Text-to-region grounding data
◆ ◆ ◆ ◆ ◆
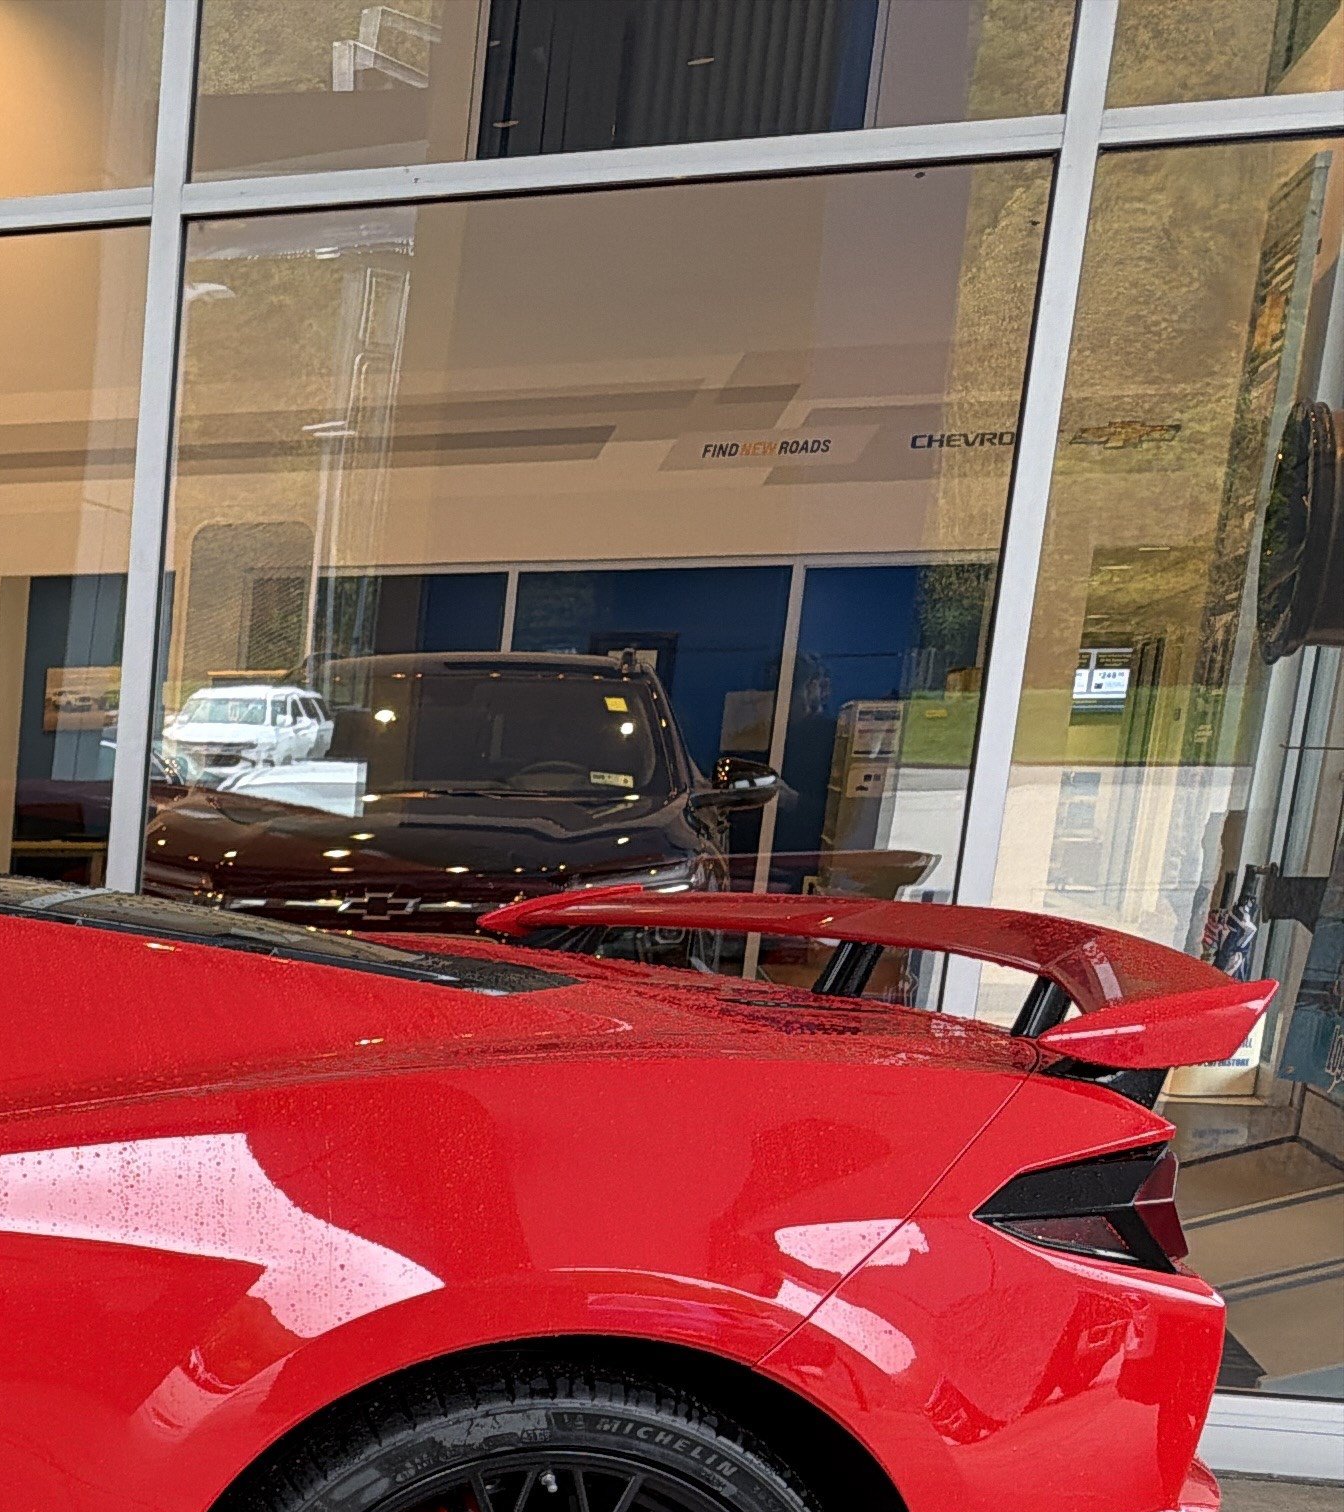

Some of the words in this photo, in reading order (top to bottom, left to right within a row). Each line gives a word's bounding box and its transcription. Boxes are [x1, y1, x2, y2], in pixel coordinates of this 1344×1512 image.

[701, 442, 739, 458] FIND
[739, 441, 778, 456] NEW
[778, 439, 832, 456] ROADS
[910, 431, 1017, 449] CHEVRO
[596, 1416, 739, 1478] MICHELIN
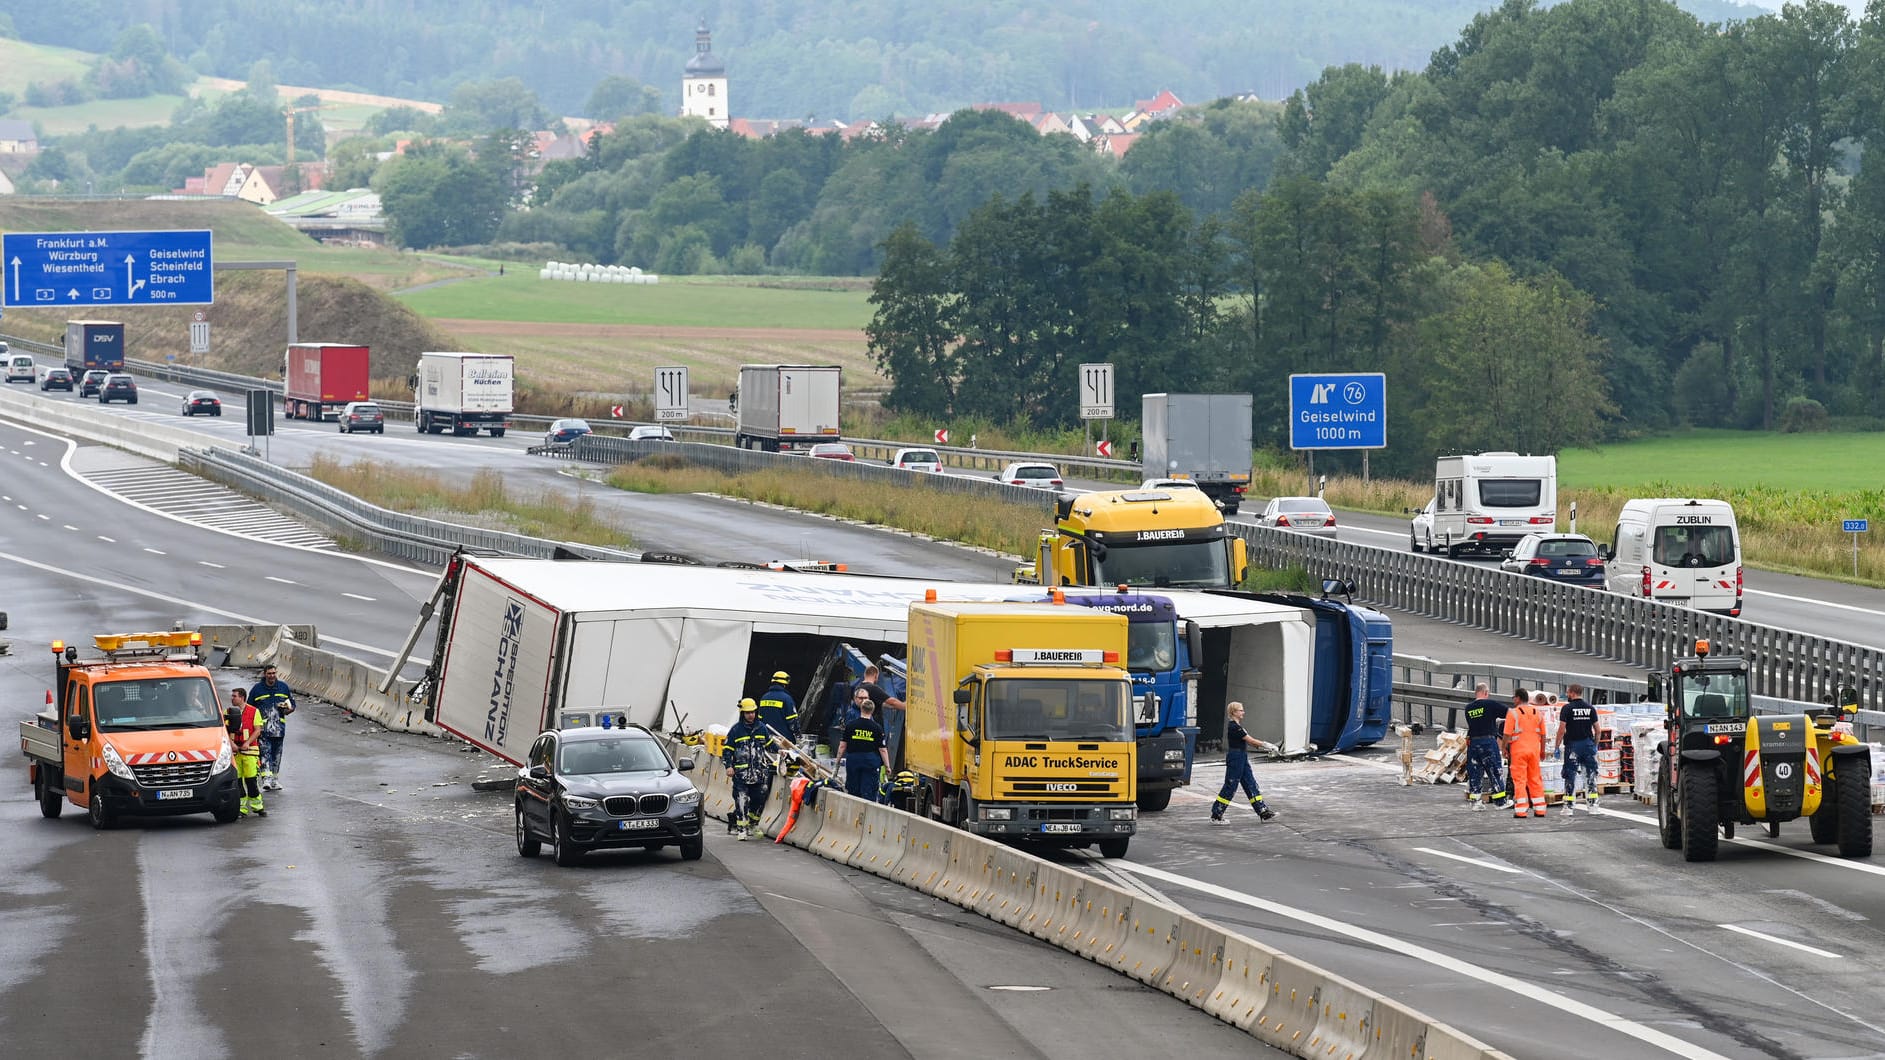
◆ ◆ ◆ ◆ ◆
Work instruction:
Would you transcribe all of the data exactly, apart from its pictures?

Expected answer:
Some of the words in this photo, in reading order (top to bottom, left to right within a row). Each line gives a word's bounding box and its transcription. Boxes are [x1, y1, x2, y2], in pixel coordinates of this 1344×1512 image.

[701, 442, 739, 458] FIND
[739, 441, 778, 456] NEW
[778, 439, 832, 456] ROADS
[910, 431, 1017, 449] CHEVRO
[596, 1416, 739, 1478] MICHELIN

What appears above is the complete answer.